The exhibit, sponsored by the UCI student action group Project Ngoc, graphically portrays the lives of 23,000 Vietnamese refugees now living under guard in camps ringed by barbed wire. The art will be on display in the Student Center through Dec. 16.
“These paintings depict the kind of suffering and sacrifice that the boat people have to go through to find freedom,” said Anh Hong Do, who with her four brothers and sisters escaped Vietnam aboard a 24-foot boat full of refugees and landed in Malaysia after 12 days at sea. She is now a UCI senior majoring in political science.
“They show the terrible conditions these refugees have to live in every day and the psychological impact of camp life--not only on adults but also on children,” said Do, 21, a member of Project Ngoc, also known as Project Pearl. “Children sometimes live five years or more in these camps and grow up with no other images than of barbed wire and armed guards.”
The 30 paintings now on display are part of 50 collected by Project Ngoc volunteers who worked at the Whitehead camps.

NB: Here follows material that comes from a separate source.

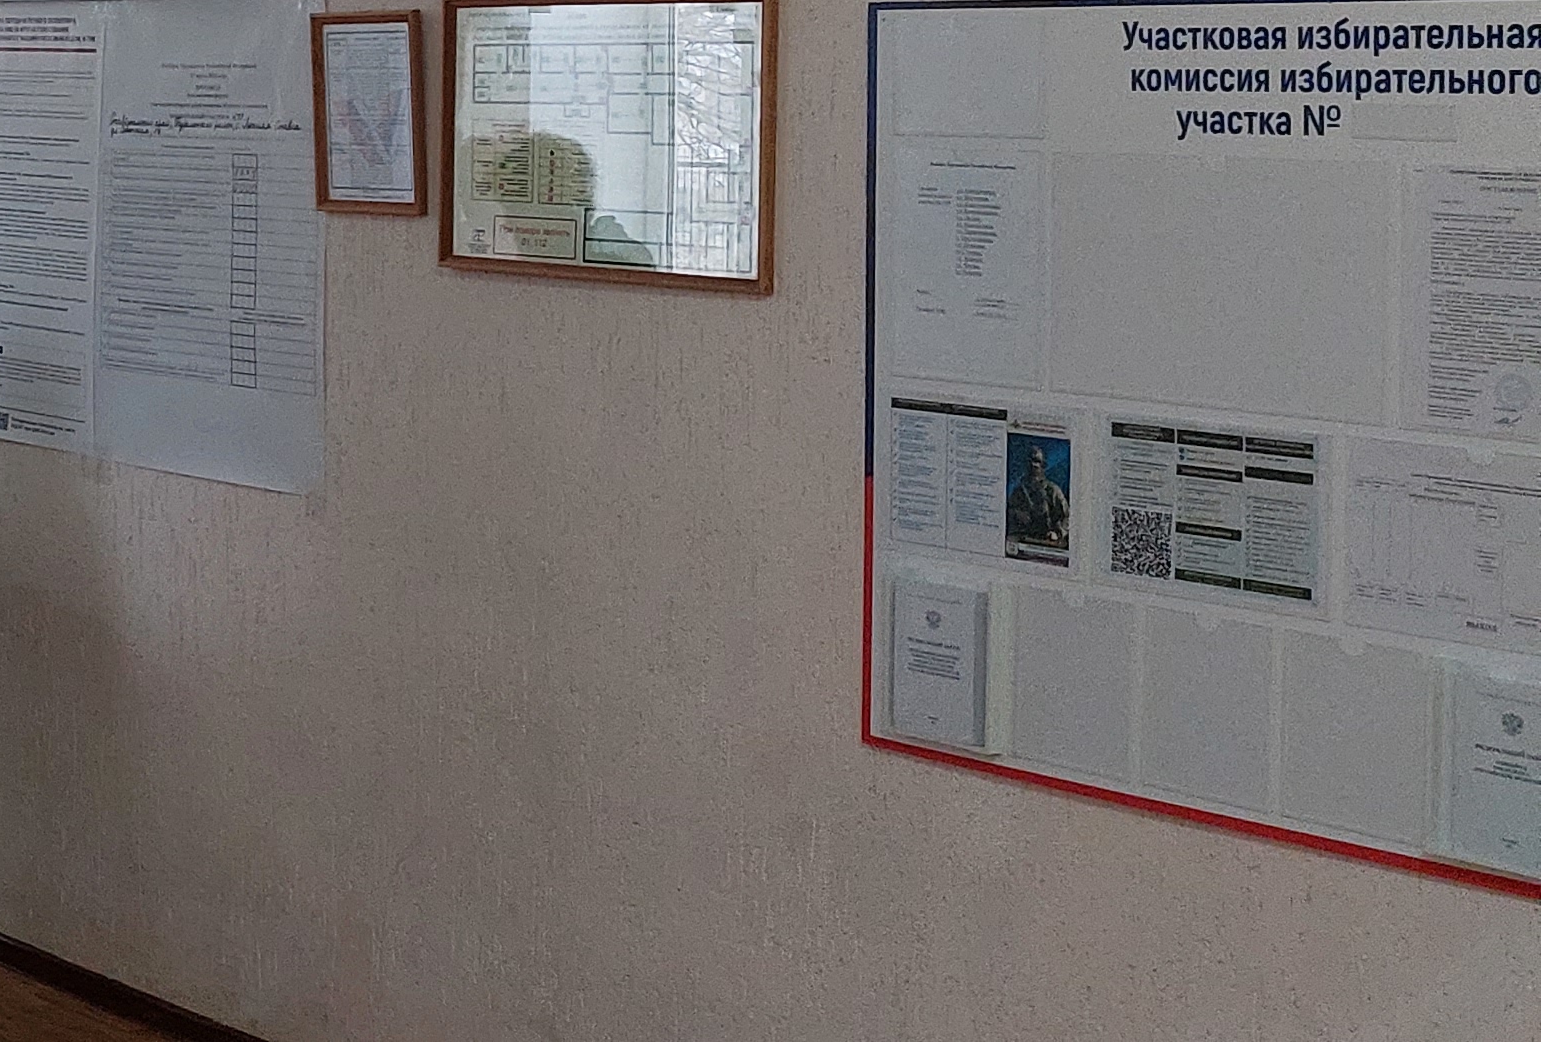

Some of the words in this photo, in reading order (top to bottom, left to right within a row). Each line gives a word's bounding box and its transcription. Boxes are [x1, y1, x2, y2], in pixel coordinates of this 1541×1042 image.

The entire collection was displayed for the first time last year in a two-day exhibit that raised $2,000, which the organization used to sponsor relief efforts undertaken by Do and others last summer in Hong Kong.
Do said her group is negotiating with universities across the country to send the remaining 20 paintings on a road tour next year.
“If only the outside world can see the conditions and the violations of human rights that these refugees are put under,” Do said. “It is a gross social injustice that I would like to fight.”
The paintings may be viewed free of charge in the lower level of the Student Center from 7:30 a.m. to 11 p.m. on weekdays and 10 a.m. to 11 p.m. on weekends.